My ten-year-old son has hair on his testicles. I know this because upon returning to our home after I walked the dogs one afternoon, my son yelled out “Mom! I have hair on my testicles!” This is not how I imagined motherhood.
I have been increasingly caught in between mostly fiction-based nostalgia for my oldest son’s quickly fleeting childhood and a weird, angsty combination of dread and excitement about his impending tween-hood. As it turns out, I don’t like small children that are mine. I did not realize this until I had a child. Surprisingly I did not relish hours upon hours building train tracks and sorting Hot Wheels by color and size in row upon row.
I was looking forward to not having to pull myself off the floor after hours of block building. To being able to let him free range it a bit. To not have to entertain him constantly and be engaged with him at unnaturally expected level. We’d be able to have conversations about real things. I never thought these things would include his balls.
“Are you sure?!” I asked, in response to his proclamation. “Yes! I pulled some out!” he responded, pleased as punch with himself. I had no idea how to proceed with this. I am a divorced mom. I was an only child. I went to a women’s college. I am completely and utterly unprepared for nut hair. And, of course, I have two boys.

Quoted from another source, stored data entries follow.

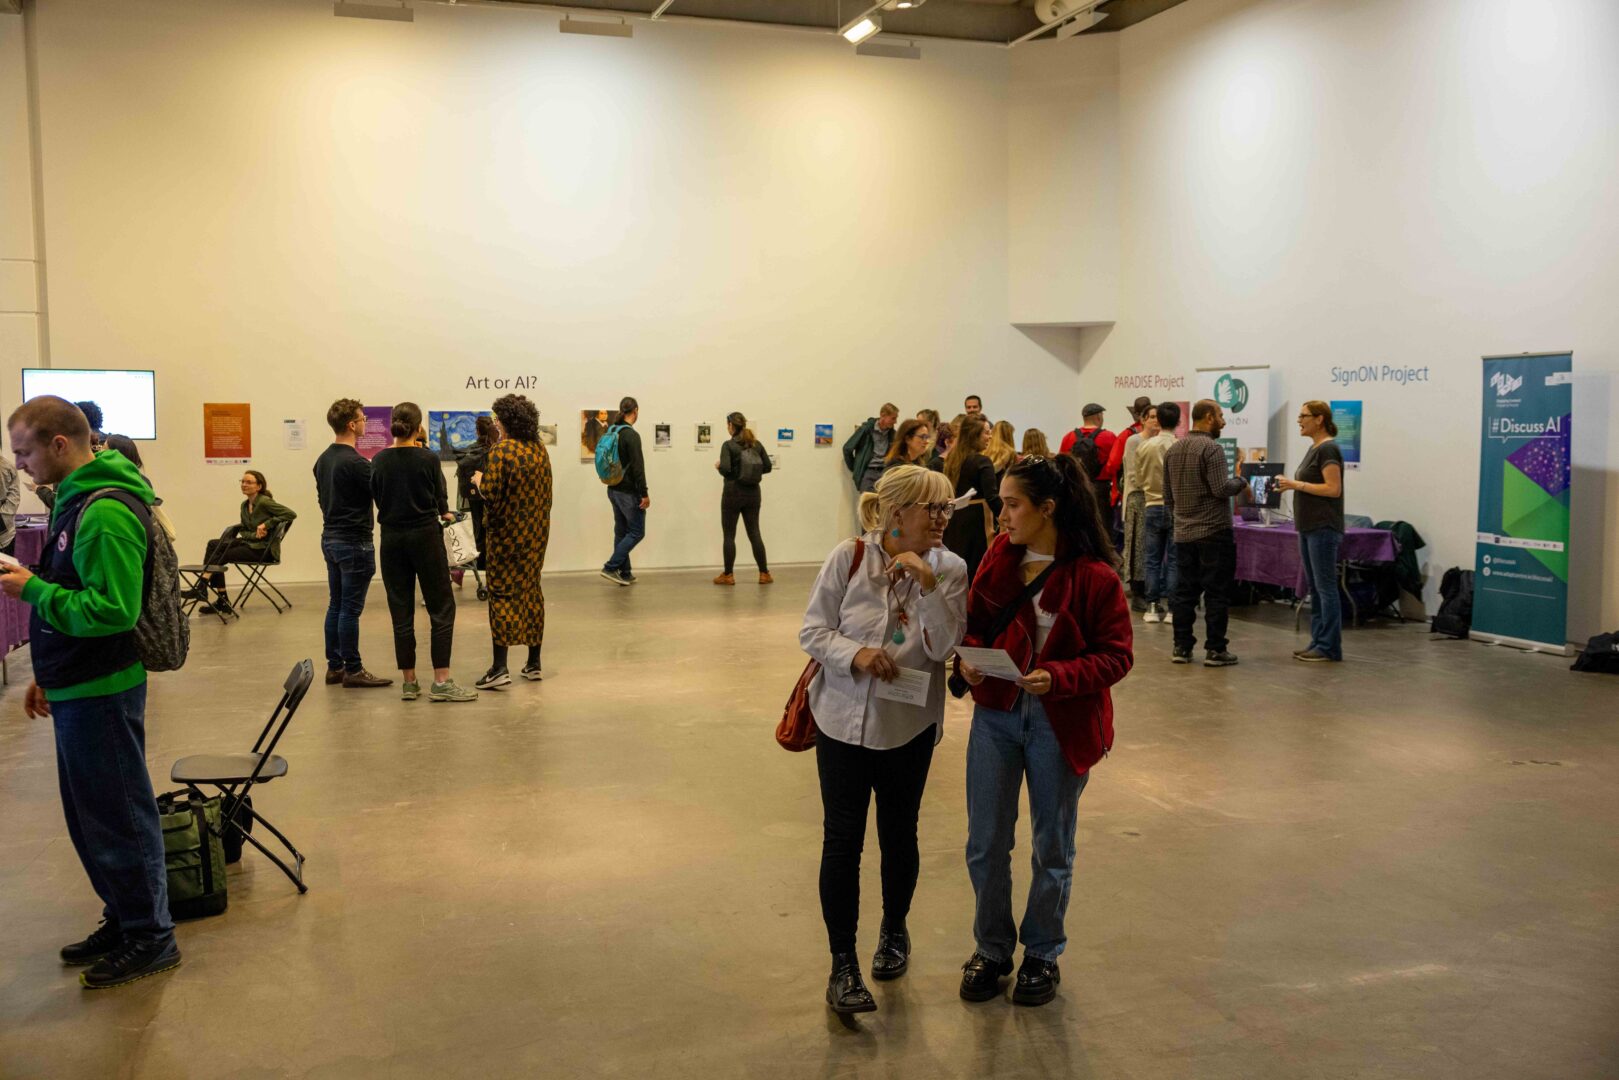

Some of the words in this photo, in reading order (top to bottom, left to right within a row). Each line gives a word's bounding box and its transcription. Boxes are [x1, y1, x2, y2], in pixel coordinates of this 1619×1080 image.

[465, 376, 490, 389] Art
[494, 379, 510, 389] or
[514, 376, 538, 389] AI?
[1114, 375, 1152, 388] PARADISE
[1154, 375, 1185, 391] Project
[1331, 366, 1378, 386] SignON
[1382, 365, 1429, 386] Project

“Um, why don’t you tell your Dad?” I suggested. “EW.NO!,” my horrified child who spent the majority of his time with me, the opposite sex parent, responded. And there in lies the problem here that I did not anticipate. Being married with sons is cool because there’s a clear division of parenting: the mom handles every single goddamn thing and the dad handles any issues that arise between the hip bone and the knee bone.
Not knowing how to proceed I asked, calmly and hesitantly, “Do you want me to look?” “If you want,” he answered back. A million thoughts went racing through my head. Among them were “NO I DON’T WANT TO LOOK AT YOUR JUNK! I SPENT ENOUGH TIME UP CLOSE AND PERSONAL WITH IT BETWEEN THE AGES OF ZERO AND THREE. I’M NOT GOING BACK THERE AND YOU CAN’T MAKE ME. I HADN’T SEEN A MAN PEE UNTIL WELL INTO MY MARRIAGE. I’M SURROUNDED BY PENISES (PENII?) ALL THE TIME. YOU PEOPLE HAVE THEM OUT WHEN YOU WATCH TV. STILL. I THOUGHT THAT WAS SUPPOSED TO BE A PHASE. WHY DO I HAVE TO SAY THINGS LIKE “I DON’T THINK YOU’RE SUPPOSED TO BEND IT LIKE THAT” OR YELL “STOP DOING ORIGAMI WITH YOUR PENIS!” FROM ACROSS THE ROOM? WHY? DID OEDIPUS’ MOTHER HAVE TO DEAL WITH THIS SHIT? IS THAT HOW IT STARTED?

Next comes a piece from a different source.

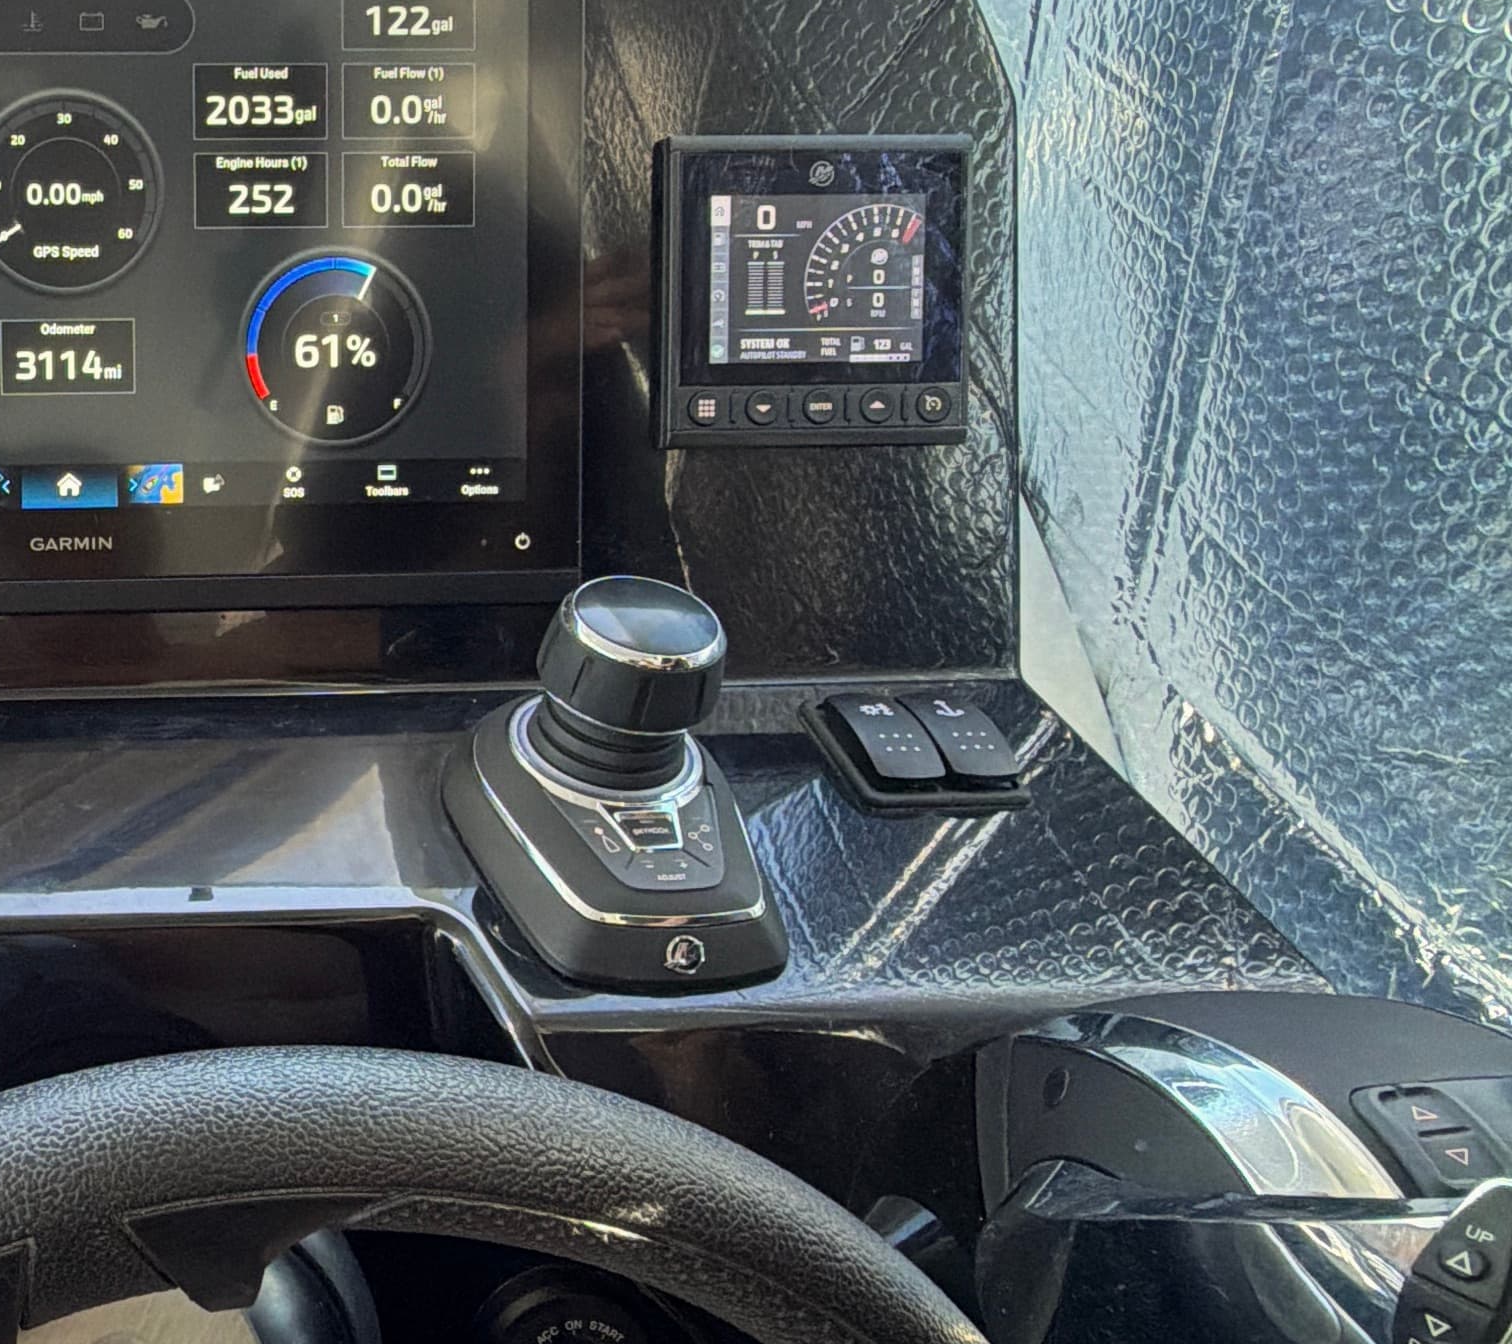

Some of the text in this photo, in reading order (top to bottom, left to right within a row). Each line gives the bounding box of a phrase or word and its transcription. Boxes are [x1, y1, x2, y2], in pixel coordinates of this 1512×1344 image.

But I kept it all inside and just said, “No, I’m good.” In some ways I’ve proud because clearly, painfully clearly, I have raised my boys with body confidence and no shame. But maybe a little shame would be nice? Or just give it a rest sometimes? Because my life is basically one, tiny, never-ending, unsolicited dick pic.
At bedtime, I calmly circled back to his new hair down there. I told him he could always come to me with any questions or concerns and I’d do my best to answer them. Possibly I’d have been more prepared if the sex education night his school had held for the boys allowed moms to go. But it was a dad-son only event, and he didn’t even go. So he didn’t know what was happening fully and I didn’t either. The only thing I really know for sure about penises is that I enjoy them when they’re full-sized and that I can create them with my own body.
So, now, almost eleven years into parenting, my prayers of not having to engage in floor time have been answered. And, instead, that time has been replaced by having to Google such questions as “How to talk to boys about pubic hair” and “Sex ed for sons by single moms.” We are having more meaningful, adult-like conversations, sure, but they’re about things like why his penis gets hard. Be careful what you wish for.